Content starts

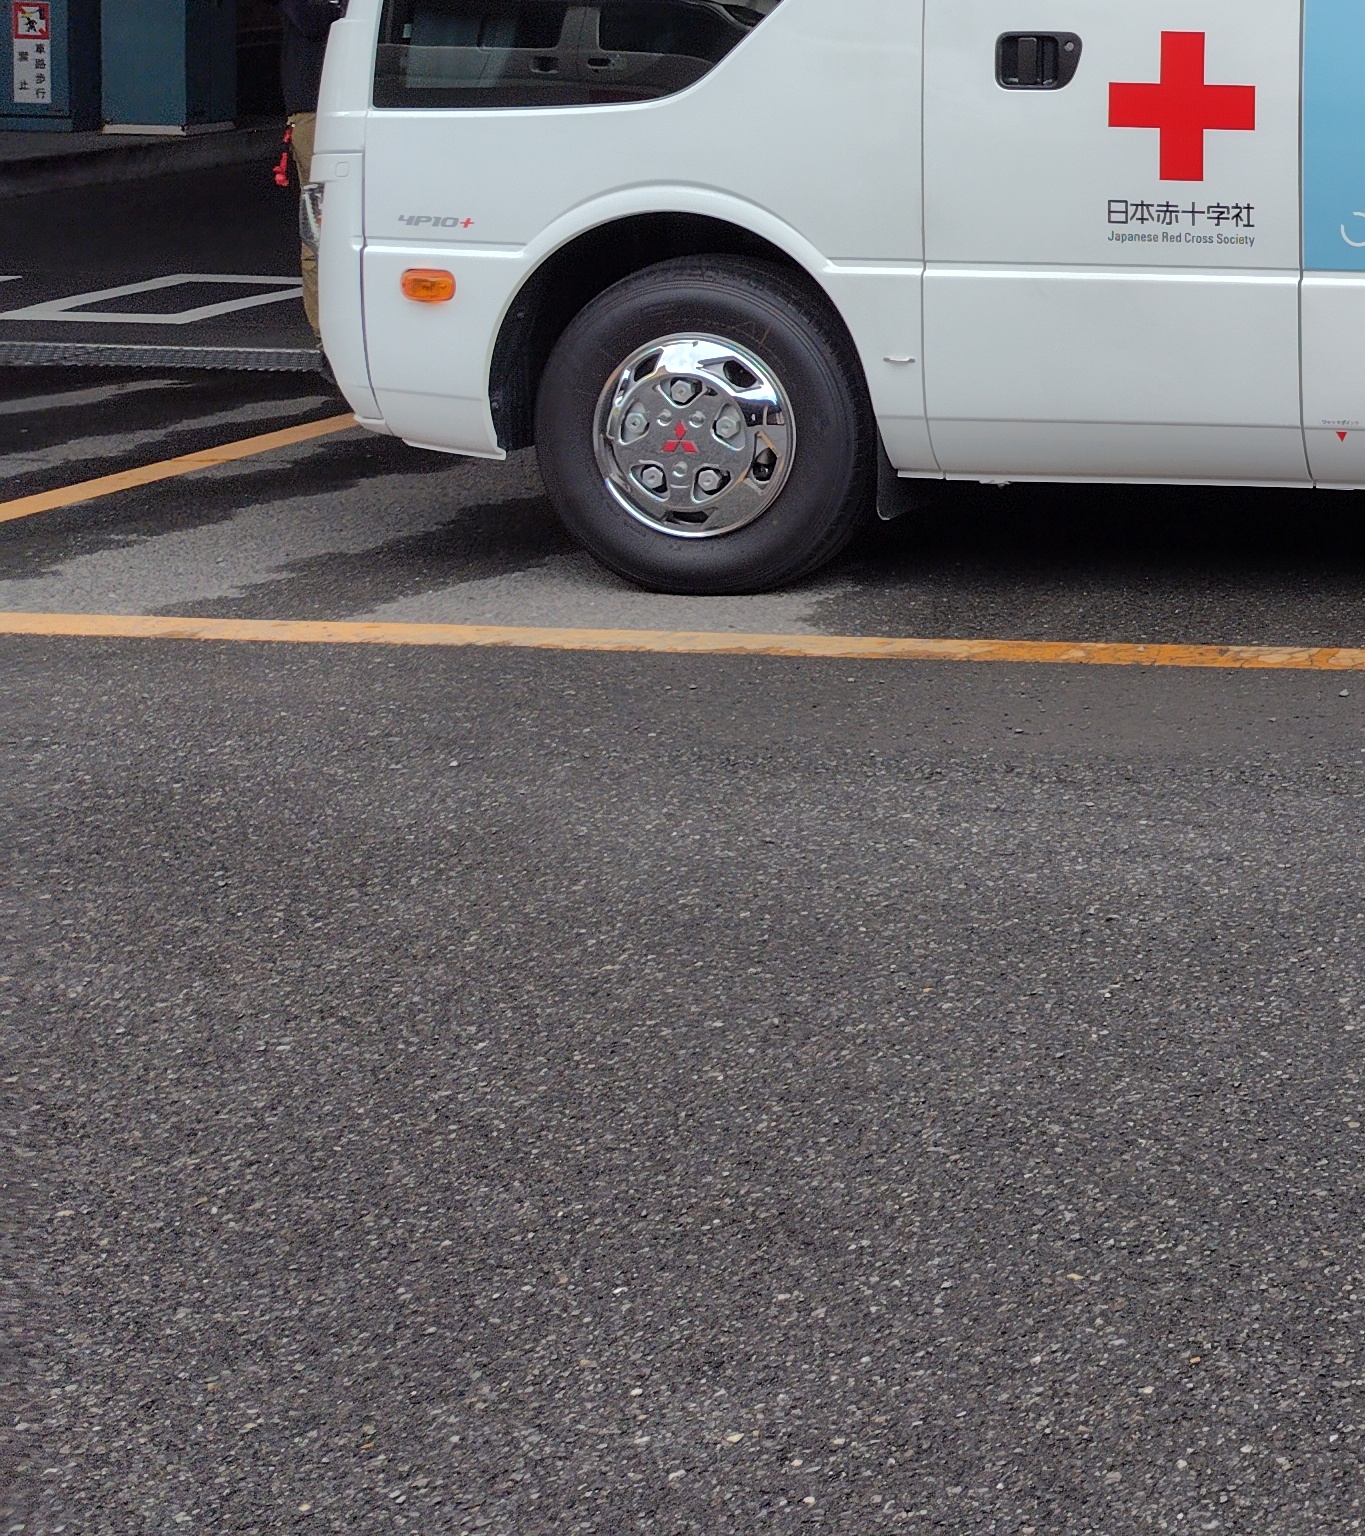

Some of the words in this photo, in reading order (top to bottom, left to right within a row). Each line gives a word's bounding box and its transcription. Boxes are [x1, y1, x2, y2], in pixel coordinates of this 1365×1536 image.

[1107, 199, 1255, 227] 日本赤十字社
[1108, 231, 1159, 243] Japanese
[1162, 232, 1182, 243] Red
[1185, 233, 1214, 244] Cross
[1217, 233, 1255, 247] Society
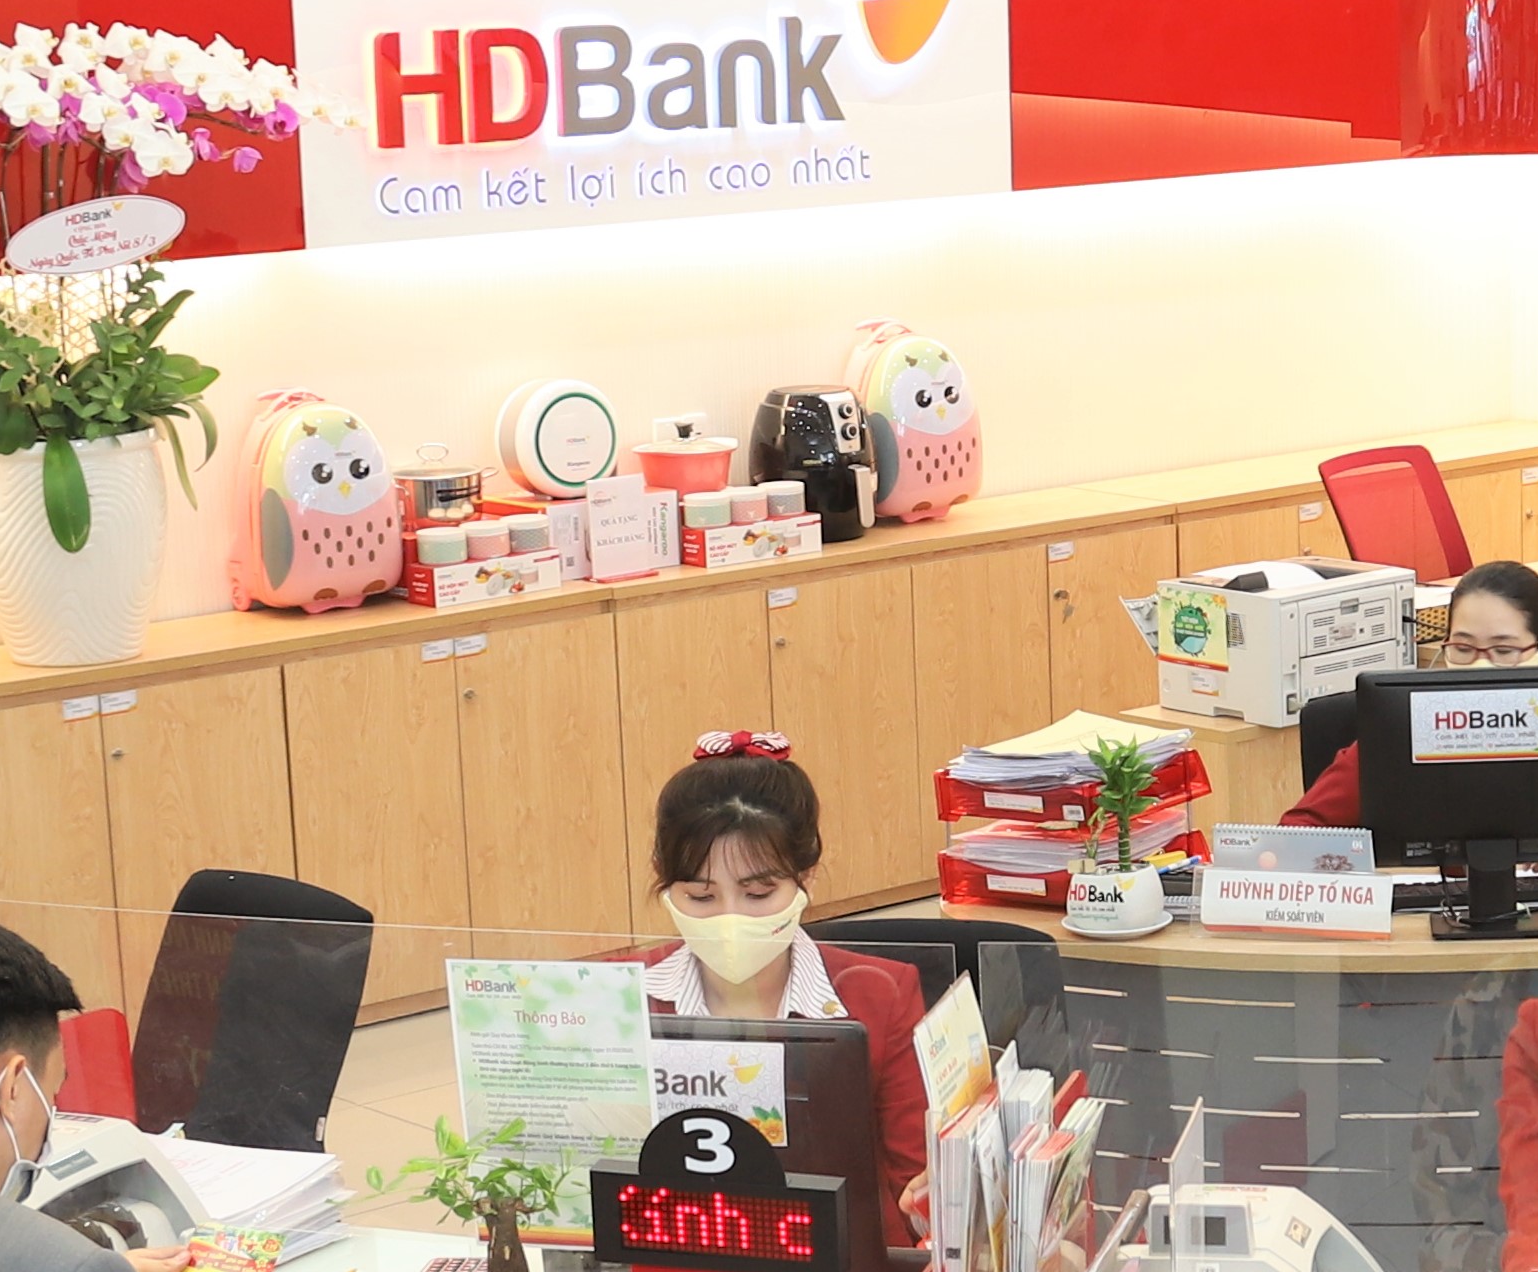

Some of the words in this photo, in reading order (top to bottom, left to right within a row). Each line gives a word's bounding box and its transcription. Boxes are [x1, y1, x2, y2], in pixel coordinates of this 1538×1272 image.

[373, 16, 846, 149] HDBank
[378, 175, 462, 215] Cam
[485, 169, 548, 207] kết
[567, 164, 616, 208] lợi
[638, 157, 688, 199] ích
[708, 160, 772, 190] cao
[792, 144, 872, 186] nhất
[65, 209, 112, 226] HDBank
[1435, 709, 1528, 730] HDBank
[1220, 837, 1251, 846] HDBank
[1069, 884, 1124, 903] HDBank
[1220, 878, 1274, 900] HUỲNH
[1279, 881, 1314, 907] DIỆP
[1319, 879, 1339, 904] TỐ
[1341, 887, 1374, 905] NGA
[465, 980, 517, 993] HDBank
[513, 1010, 557, 1027] Thông
[561, 1011, 586, 1025] Báo
[655, 1068, 727, 1097] Bank
[682, 1118, 735, 1174] 3

Content ends

> [THE TASK]: When you write out the material, reproduce each line exactly and omit any picture it holds.

> [ANSWER AREA]:
Some of the words in this photo, in reading order (top to bottom, left to right within a row). Each line gives a word's bounding box and its transcription. Boxes are [x1, y1, x2, y2], in pixel coordinates of this 1365×1536 image.

[1107, 199, 1255, 227] 日本赤十字社
[1108, 231, 1159, 243] Japanese
[1162, 232, 1182, 243] Red
[1185, 233, 1214, 244] Cross
[1217, 233, 1255, 247] Society

Some of the words in this photo, in reading order (top to bottom, left to right within a row). Each line gives a word's bounding box and its transcription. Boxes are [x1, y1, x2, y2], in pixel coordinates of this 1538×1272 image.

[373, 16, 846, 149] HDBank
[378, 175, 462, 215] Cam
[485, 169, 548, 207] kết
[567, 164, 616, 208] lợi
[638, 157, 688, 199] ích
[708, 160, 772, 190] cao
[792, 144, 872, 186] nhất
[65, 209, 112, 226] HDBank
[1435, 709, 1528, 730] HDBank
[1220, 837, 1251, 846] HDBank
[1069, 884, 1124, 903] HDBank
[1220, 878, 1274, 900] HUỲNH
[1279, 881, 1314, 907] DIỆP
[1319, 879, 1339, 904] TỐ
[1341, 887, 1374, 905] NGA
[465, 980, 517, 993] HDBank
[513, 1010, 557, 1027] Thông
[561, 1011, 586, 1025] Báo
[655, 1068, 727, 1097] Bank
[682, 1118, 735, 1174] 3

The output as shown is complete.